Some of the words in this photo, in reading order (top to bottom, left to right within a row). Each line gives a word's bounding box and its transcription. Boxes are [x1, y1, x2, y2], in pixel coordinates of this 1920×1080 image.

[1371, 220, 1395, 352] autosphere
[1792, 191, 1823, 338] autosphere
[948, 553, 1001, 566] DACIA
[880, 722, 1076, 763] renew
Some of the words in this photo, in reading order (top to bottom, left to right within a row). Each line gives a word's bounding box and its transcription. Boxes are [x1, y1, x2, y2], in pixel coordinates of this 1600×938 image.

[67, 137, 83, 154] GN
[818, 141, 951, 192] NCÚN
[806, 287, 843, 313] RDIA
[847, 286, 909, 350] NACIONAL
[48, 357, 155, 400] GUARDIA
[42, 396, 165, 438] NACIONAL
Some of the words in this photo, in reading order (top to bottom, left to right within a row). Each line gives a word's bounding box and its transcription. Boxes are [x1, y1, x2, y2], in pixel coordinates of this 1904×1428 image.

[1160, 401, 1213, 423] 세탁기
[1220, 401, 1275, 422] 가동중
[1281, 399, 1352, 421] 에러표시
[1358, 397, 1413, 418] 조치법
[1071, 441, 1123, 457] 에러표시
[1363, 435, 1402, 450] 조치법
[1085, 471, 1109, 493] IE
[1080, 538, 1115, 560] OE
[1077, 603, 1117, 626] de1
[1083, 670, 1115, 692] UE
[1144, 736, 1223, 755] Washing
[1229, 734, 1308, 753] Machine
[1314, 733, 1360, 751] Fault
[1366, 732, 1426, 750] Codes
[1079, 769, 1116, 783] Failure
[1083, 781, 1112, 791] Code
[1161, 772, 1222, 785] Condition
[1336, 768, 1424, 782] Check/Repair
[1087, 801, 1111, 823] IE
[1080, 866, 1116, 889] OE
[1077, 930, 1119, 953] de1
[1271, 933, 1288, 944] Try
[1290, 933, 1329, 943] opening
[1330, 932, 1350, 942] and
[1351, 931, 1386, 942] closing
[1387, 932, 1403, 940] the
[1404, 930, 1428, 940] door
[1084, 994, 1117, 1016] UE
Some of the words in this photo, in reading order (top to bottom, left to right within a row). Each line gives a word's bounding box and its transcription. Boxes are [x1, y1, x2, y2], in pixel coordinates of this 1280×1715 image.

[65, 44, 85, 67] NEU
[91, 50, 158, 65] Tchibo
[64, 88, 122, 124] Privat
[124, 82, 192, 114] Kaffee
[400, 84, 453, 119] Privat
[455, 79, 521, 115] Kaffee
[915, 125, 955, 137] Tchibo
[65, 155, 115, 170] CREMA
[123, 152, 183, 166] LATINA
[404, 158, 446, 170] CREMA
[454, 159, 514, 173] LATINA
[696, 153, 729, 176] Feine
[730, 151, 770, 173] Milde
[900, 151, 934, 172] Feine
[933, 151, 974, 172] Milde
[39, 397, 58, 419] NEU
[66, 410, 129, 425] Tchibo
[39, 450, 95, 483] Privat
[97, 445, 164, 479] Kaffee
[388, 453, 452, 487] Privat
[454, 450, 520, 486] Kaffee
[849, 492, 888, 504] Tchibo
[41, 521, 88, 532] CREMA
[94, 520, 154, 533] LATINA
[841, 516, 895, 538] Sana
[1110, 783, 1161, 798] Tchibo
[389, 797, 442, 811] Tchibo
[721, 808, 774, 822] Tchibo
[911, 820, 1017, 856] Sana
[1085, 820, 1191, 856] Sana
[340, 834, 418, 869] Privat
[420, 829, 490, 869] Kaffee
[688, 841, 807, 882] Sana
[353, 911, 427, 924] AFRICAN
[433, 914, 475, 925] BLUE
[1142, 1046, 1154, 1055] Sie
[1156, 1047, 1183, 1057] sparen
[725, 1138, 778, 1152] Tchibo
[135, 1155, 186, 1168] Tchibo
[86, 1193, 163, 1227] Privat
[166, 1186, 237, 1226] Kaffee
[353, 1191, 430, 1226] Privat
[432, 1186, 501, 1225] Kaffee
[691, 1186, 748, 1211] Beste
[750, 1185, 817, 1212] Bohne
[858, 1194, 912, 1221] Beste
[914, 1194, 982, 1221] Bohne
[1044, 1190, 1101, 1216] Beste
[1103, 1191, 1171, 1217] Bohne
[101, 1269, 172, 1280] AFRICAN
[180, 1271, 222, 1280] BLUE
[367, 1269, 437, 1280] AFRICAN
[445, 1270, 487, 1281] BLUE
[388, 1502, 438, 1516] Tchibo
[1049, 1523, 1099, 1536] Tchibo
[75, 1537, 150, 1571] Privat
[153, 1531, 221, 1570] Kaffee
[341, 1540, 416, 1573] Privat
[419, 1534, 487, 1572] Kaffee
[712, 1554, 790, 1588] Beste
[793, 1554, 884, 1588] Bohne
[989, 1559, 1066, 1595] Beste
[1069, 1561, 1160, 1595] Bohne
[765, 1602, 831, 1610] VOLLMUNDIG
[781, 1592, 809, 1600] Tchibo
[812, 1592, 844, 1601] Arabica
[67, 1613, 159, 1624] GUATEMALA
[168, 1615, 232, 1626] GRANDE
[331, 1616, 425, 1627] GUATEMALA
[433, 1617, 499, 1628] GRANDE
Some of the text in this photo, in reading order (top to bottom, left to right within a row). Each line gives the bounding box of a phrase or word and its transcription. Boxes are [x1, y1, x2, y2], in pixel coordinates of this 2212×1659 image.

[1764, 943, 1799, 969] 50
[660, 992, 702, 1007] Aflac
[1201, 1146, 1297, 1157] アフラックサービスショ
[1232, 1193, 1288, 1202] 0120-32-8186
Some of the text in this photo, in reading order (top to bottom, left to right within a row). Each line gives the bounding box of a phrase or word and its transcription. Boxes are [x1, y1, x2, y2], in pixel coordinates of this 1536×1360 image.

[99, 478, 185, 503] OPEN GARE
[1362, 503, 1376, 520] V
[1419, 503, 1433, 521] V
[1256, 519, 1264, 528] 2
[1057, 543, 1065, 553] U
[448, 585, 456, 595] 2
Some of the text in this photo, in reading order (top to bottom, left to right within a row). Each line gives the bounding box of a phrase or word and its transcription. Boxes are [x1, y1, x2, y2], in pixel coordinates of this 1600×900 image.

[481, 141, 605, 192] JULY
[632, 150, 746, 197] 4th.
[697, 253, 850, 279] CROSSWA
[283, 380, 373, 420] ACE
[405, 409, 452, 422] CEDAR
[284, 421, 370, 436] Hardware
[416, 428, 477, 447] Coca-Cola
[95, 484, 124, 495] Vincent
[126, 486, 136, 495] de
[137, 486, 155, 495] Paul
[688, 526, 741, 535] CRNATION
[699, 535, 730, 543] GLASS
==================================================
**EXERCISE DIRECTIONS:** Restate the listing above in full, exactly.

**RESULT OF THIS EXERCISE:**
Some of the words in this photo, in reading order (top to bottom, left to right within a row). Each line gives a word's bounding box and its transcription. Boxes are [x1, y1, x2, y2], in pixel coordinates of this 1920×1080 image.

[1371, 220, 1395, 352] autosphere
[1792, 191, 1823, 338] autosphere
[948, 553, 1001, 566] DACIA
[880, 722, 1076, 763] renew
Some of the words in this photo, in reading order (top to bottom, left to right within a row). Each line gives a word's bounding box and its transcription. Boxes are [x1, y1, x2, y2], in pixel coordinates of this 1600×938 image.

[67, 137, 83, 154] GN
[818, 141, 951, 192] NCÚN
[806, 287, 843, 313] RDIA
[847, 286, 909, 350] NACIONAL
[48, 357, 155, 400] GUARDIA
[42, 396, 165, 438] NACIONAL
Some of the words in this photo, in reading order (top to bottom, left to right within a row). Each line gives a word's bounding box and its transcription. Boxes are [x1, y1, x2, y2], in pixel coordinates of this 1904×1428 image.

[1160, 401, 1213, 423] 세탁기
[1220, 401, 1275, 422] 가동중
[1281, 399, 1352, 421] 에러표시
[1358, 397, 1413, 418] 조치법
[1071, 441, 1123, 457] 에러표시
[1363, 435, 1402, 450] 조치법
[1085, 471, 1109, 493] IE
[1080, 538, 1115, 560] OE
[1077, 603, 1117, 626] de1
[1083, 670, 1115, 692] UE
[1144, 736, 1223, 755] Washing
[1229, 734, 1308, 753] Machine
[1314, 733, 1360, 751] Fault
[1366, 732, 1426, 750] Codes
[1079, 769, 1116, 783] Failure
[1083, 781, 1112, 791] Code
[1161, 772, 1222, 785] Condition
[1336, 768, 1424, 782] Check/Repair
[1087, 801, 1111, 823] IE
[1080, 866, 1116, 889] OE
[1077, 930, 1119, 953] de1
[1271, 933, 1288, 944] Try
[1290, 933, 1329, 943] opening
[1330, 932, 1350, 942] and
[1351, 931, 1386, 942] closing
[1387, 932, 1403, 940] the
[1404, 930, 1428, 940] door
[1084, 994, 1117, 1016] UE
Some of the words in this photo, in reading order (top to bottom, left to right within a row). Each line gives a word's bounding box and its transcription. Boxes are [x1, y1, x2, y2], in pixel coordinates of this 1280×1715 image.

[65, 44, 85, 67] NEU
[91, 50, 158, 65] Tchibo
[64, 88, 122, 124] Privat
[124, 82, 192, 114] Kaffee
[400, 84, 453, 119] Privat
[455, 79, 521, 115] Kaffee
[915, 125, 955, 137] Tchibo
[65, 155, 115, 170] CREMA
[123, 152, 183, 166] LATINA
[404, 158, 446, 170] CREMA
[454, 159, 514, 173] LATINA
[696, 153, 729, 176] Feine
[730, 151, 770, 173] Milde
[900, 151, 934, 172] Feine
[933, 151, 974, 172] Milde
[39, 397, 58, 419] NEU
[66, 410, 129, 425] Tchibo
[39, 450, 95, 483] Privat
[97, 445, 164, 479] Kaffee
[388, 453, 452, 487] Privat
[454, 450, 520, 486] Kaffee
[849, 492, 888, 504] Tchibo
[41, 521, 88, 532] CREMA
[94, 520, 154, 533] LATINA
[841, 516, 895, 538] Sana
[1110, 783, 1161, 798] Tchibo
[389, 797, 442, 811] Tchibo
[721, 808, 774, 822] Tchibo
[911, 820, 1017, 856] Sana
[1085, 820, 1191, 856] Sana
[340, 834, 418, 869] Privat
[420, 829, 490, 869] Kaffee
[688, 841, 807, 882] Sana
[353, 911, 427, 924] AFRICAN
[433, 914, 475, 925] BLUE
[1142, 1046, 1154, 1055] Sie
[1156, 1047, 1183, 1057] sparen
[725, 1138, 778, 1152] Tchibo
[135, 1155, 186, 1168] Tchibo
[86, 1193, 163, 1227] Privat
[166, 1186, 237, 1226] Kaffee
[353, 1191, 430, 1226] Privat
[432, 1186, 501, 1225] Kaffee
[691, 1186, 748, 1211] Beste
[750, 1185, 817, 1212] Bohne
[858, 1194, 912, 1221] Beste
[914, 1194, 982, 1221] Bohne
[1044, 1190, 1101, 1216] Beste
[1103, 1191, 1171, 1217] Bohne
[101, 1269, 172, 1280] AFRICAN
[180, 1271, 222, 1280] BLUE
[367, 1269, 437, 1280] AFRICAN
[445, 1270, 487, 1281] BLUE
[388, 1502, 438, 1516] Tchibo
[1049, 1523, 1099, 1536] Tchibo
[75, 1537, 150, 1571] Privat
[153, 1531, 221, 1570] Kaffee
[341, 1540, 416, 1573] Privat
[419, 1534, 487, 1572] Kaffee
[712, 1554, 790, 1588] Beste
[793, 1554, 884, 1588] Bohne
[989, 1559, 1066, 1595] Beste
[1069, 1561, 1160, 1595] Bohne
[765, 1602, 831, 1610] VOLLMUNDIG
[781, 1592, 809, 1600] Tchibo
[812, 1592, 844, 1601] Arabica
[67, 1613, 159, 1624] GUATEMALA
[168, 1615, 232, 1626] GRANDE
[331, 1616, 425, 1627] GUATEMALA
[433, 1617, 499, 1628] GRANDE
Some of the text in this photo, in reading order (top to bottom, left to right within a row). Each line gives the bounding box of a phrase or word and its transcription. Boxes are [x1, y1, x2, y2], in pixel coordinates of this 2212×1659 image.

[1764, 943, 1799, 969] 50
[660, 992, 702, 1007] Aflac
[1201, 1146, 1297, 1157] アフラックサービスショ
[1232, 1193, 1288, 1202] 0120-32-8186
Some of the text in this photo, in reading order (top to bottom, left to right within a row). Each line gives the bounding box of a phrase or word and its transcription. Boxes are [x1, y1, x2, y2], in pixel coordinates of this 1536×1360 image.

[99, 478, 185, 503] OPEN GARE
[1362, 503, 1376, 520] V
[1419, 503, 1433, 521] V
[1256, 519, 1264, 528] 2
[1057, 543, 1065, 553] U
[448, 585, 456, 595] 2
Some of the text in this photo, in reading order (top to bottom, left to right within a row). Each line gives the bounding box of a phrase or word and its transcription. Boxes are [x1, y1, x2, y2], in pixel coordinates of this 1600×900 image.

[481, 141, 605, 192] JULY
[632, 150, 746, 197] 4th.
[697, 253, 850, 279] CROSSWA
[283, 380, 373, 420] ACE
[405, 409, 452, 422] CEDAR
[284, 421, 370, 436] Hardware
[416, 428, 477, 447] Coca-Cola
[95, 484, 124, 495] Vincent
[126, 486, 136, 495] de
[137, 486, 155, 495] Paul
[688, 526, 741, 535] CRNATION
[699, 535, 730, 543] GLASS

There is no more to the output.